GOP Becoming Latest Party of Self-Destruction

The Republican Party has clearly stolen the playbook that Democrats drafted back in the ’70s and is following it to a T. The playbook sets forth how a political party can go about destroying itself from the inside out.

One very important element of the strategy is new faces, outsiders — lots of them. You invite them into your Party because you desperately want to win. Never mind the fact that you don't really agree with them because you can always just act like you do.

This is very important to the self-destruction strategy because eventually the new faces you didn’t really want but had to have will outnumber those with whom you agree. They will be the majority. They will be the Party.

Beginning in the ’60s, the Democratic Party extended an invitation to all sorts of different groups that had not traditionally been active. The growing pains were especially acute in the South where the Democratic Party had been the traditional bastion of white segregationists. When the "D" in Democratic started standing for diversity, that came as an awful shock to many of the traditionalists. So a huge division developed with many leaving the Party and those remaining choosing sides and fighting the political equivalent of a death match.

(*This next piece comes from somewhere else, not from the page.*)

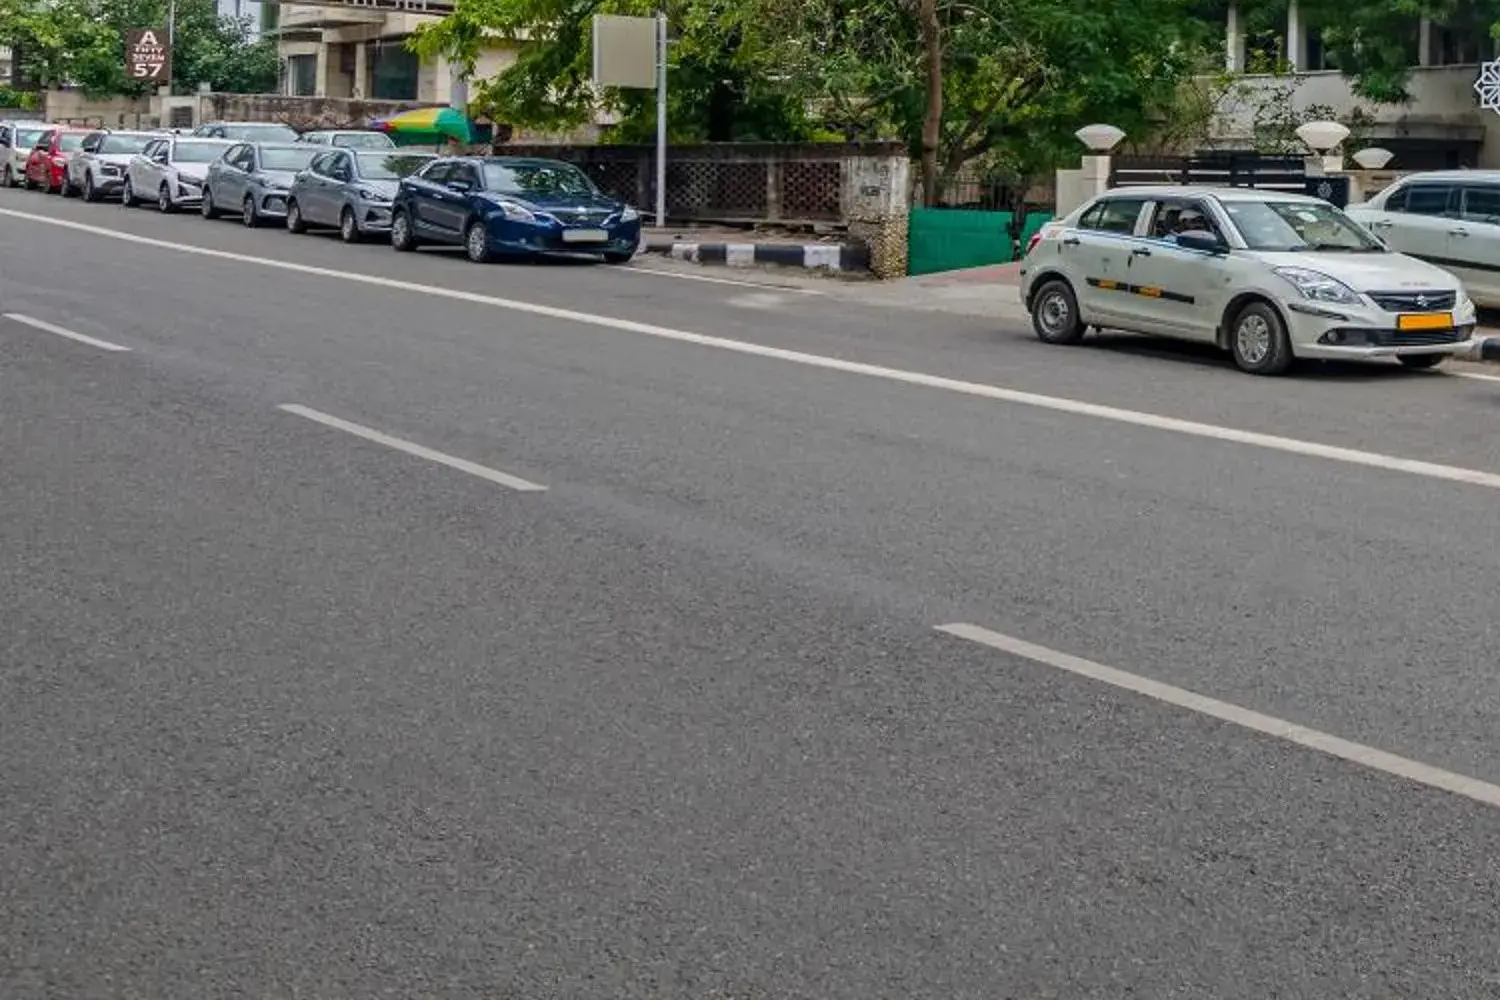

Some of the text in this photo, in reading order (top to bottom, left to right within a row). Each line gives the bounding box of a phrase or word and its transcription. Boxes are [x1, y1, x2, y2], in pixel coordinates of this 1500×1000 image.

[140, 31, 158, 45] A
[132, 53, 165, 62] SEVEN
[133, 63, 162, 77] 57

In places like Texas, Democrats looked up one day in the ’90s and said, "Where did our Party go?" A family can only have so many fights before it starts splintering.

But then the rebuilding process begins and most of those remaining realize they’re not there because they’re longing for some bygone day but because they agree with the newfound principles. Most Democrats today are embarrassed by the Party’s segregationist past and would rather go hunting with Dick Cheney than be a part of that Democratic Party.

Now it’s the Republicans’ turn, and all of the ugliness which marked the decline of the Democratic Party will be in plain view on the other side. The big difference is that while the Democratic Party needed to move away from its past, Republicans would be wise to return to theirs.

They were once the true party of Lincoln and some of the most zealous fighters for civil rights. But beginning with Nixon and building every year, they became the party of division. They embraced the religious right in order to have the numbers to win and placed themselves on a moral pedestal from which they were bound to tumble.

Those who were drawn to the Republican Party because of its stands on fiscal and foreign policy now don’t have to simply tolerate social conservatives, they must follow them.

The far right sets the agenda for the GOP, and it’s now all about abortion, gays, immigration — the list goes on and on. Soon, in places like Texas that have been so steeped in red in recent years, Republicans will be looking up and asking, “Where did our Party go?”

The only problem with the playbook is that it doesn’t set forth a firm timeline. It could be this year, 2010, 2014, no one really knows for sure. But based on everything we see around us today, it is going to happen.

If you find any pages of the playbook missing, let us know. We’ll help you find them.